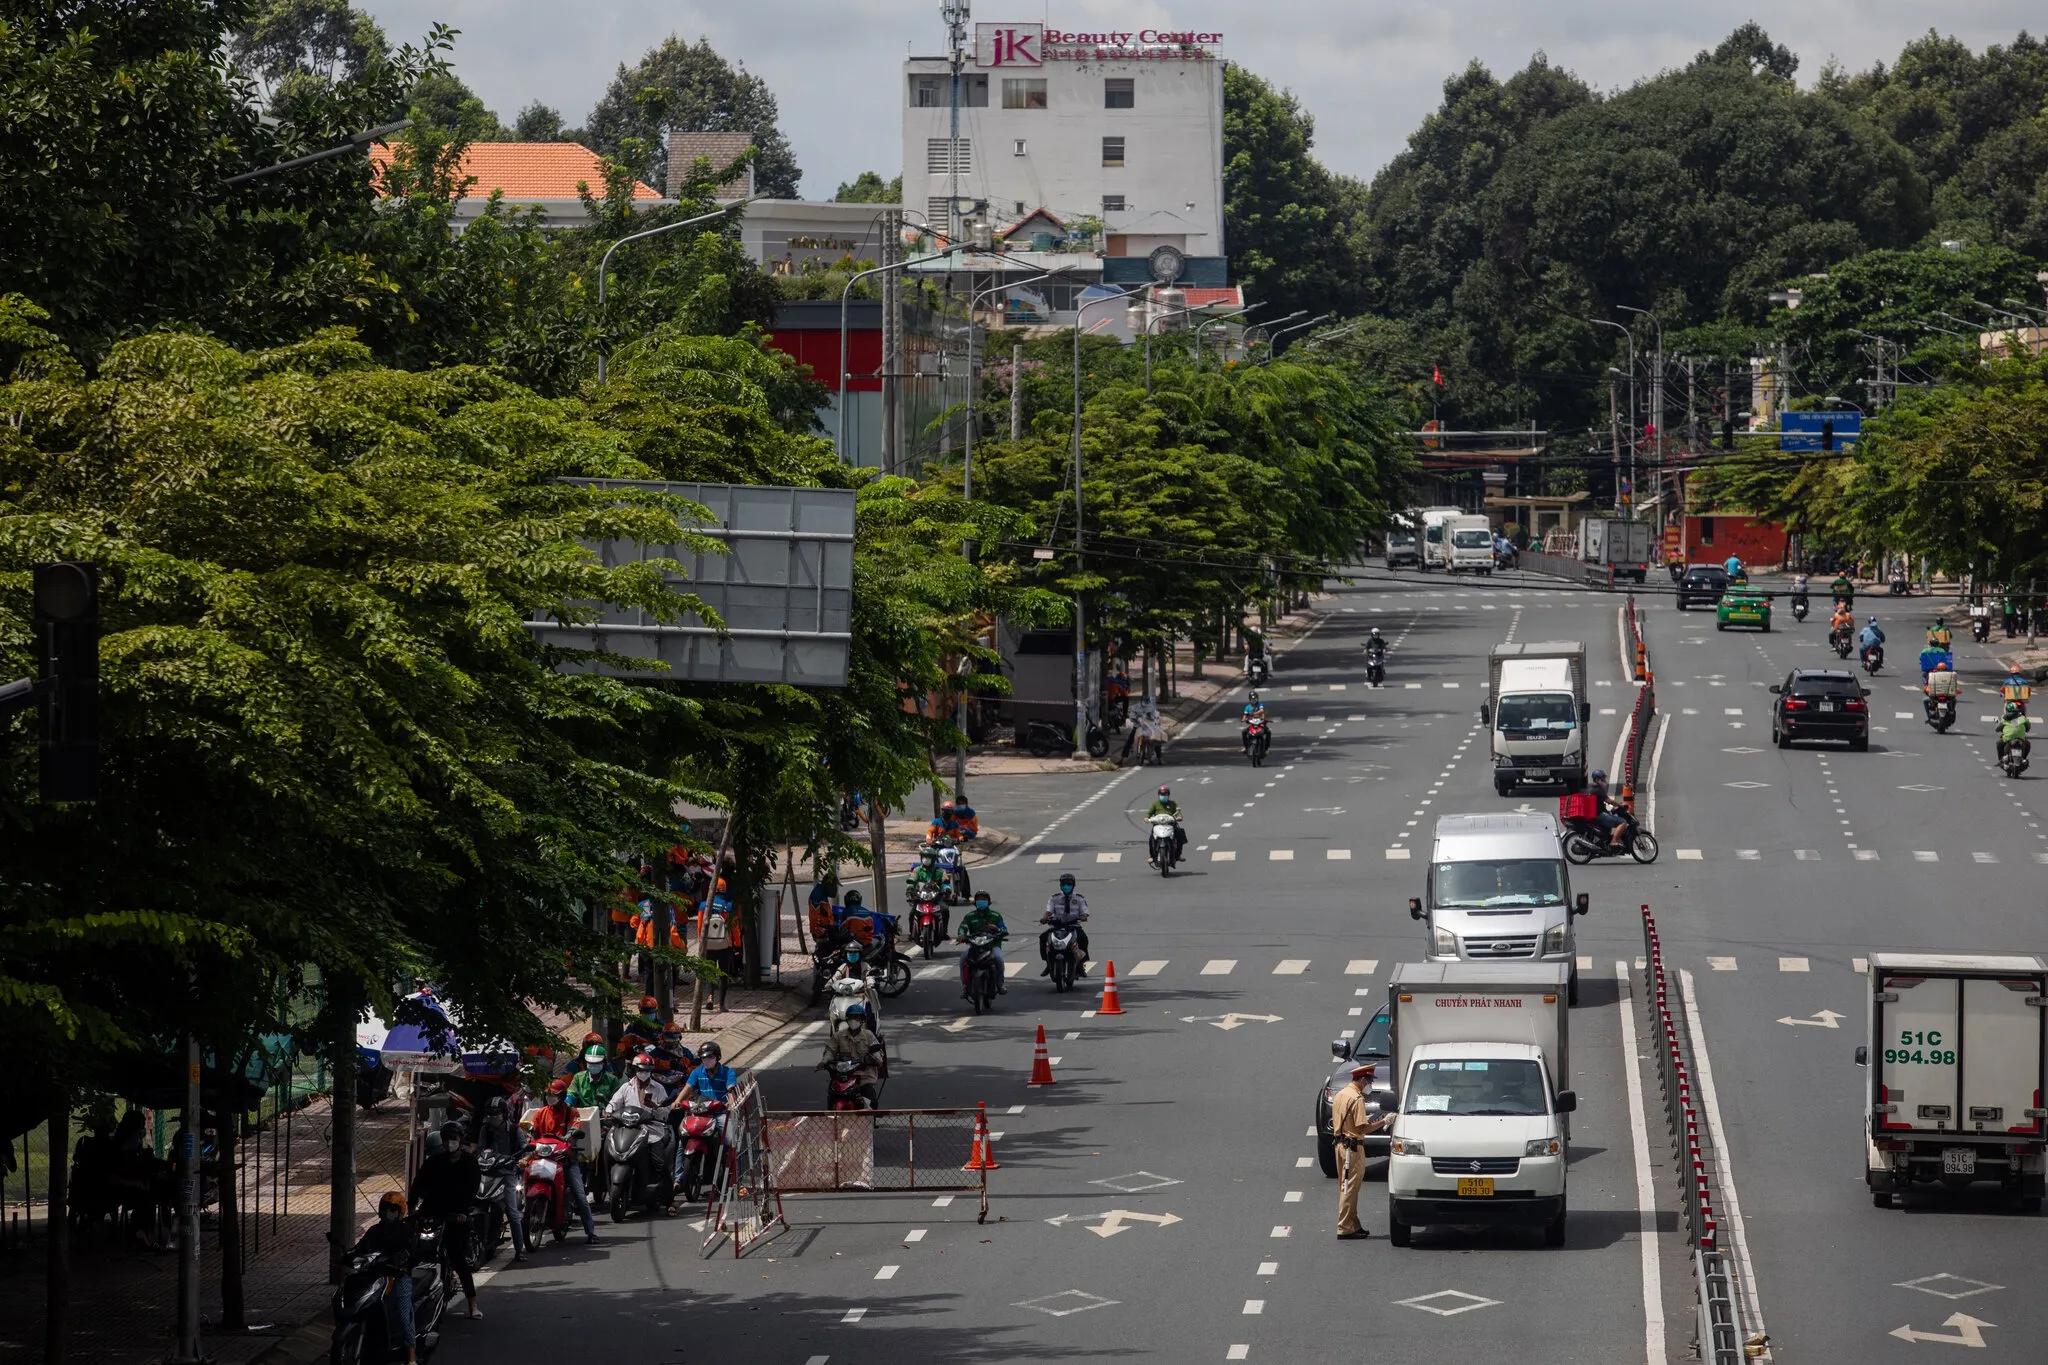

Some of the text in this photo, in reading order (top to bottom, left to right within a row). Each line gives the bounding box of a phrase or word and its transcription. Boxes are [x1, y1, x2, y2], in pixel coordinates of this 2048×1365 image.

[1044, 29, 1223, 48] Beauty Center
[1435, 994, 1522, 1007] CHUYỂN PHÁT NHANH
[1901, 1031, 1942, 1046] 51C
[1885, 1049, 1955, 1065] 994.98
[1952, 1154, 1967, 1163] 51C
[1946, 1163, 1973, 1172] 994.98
________________
WHAT IS EXPECTED:
Output the material word for word. Pictures do not go in.

OUTPUT OF THE EXERCISE:
Some of the text in this photo, in reading order (top to bottom, left to right within a row). Each line gives the bounding box of a phrase or word and its transcription. Boxes are [x1, y1, x2, y2], in pixel coordinates of this 2048×1365 image.

[1044, 29, 1223, 48] Beauty Center
[1435, 994, 1522, 1007] CHUYỂN PHÁT NHANH
[1901, 1031, 1942, 1046] 51C
[1885, 1049, 1955, 1065] 994.98
[1952, 1154, 1967, 1163] 51C
[1946, 1163, 1973, 1172] 994.98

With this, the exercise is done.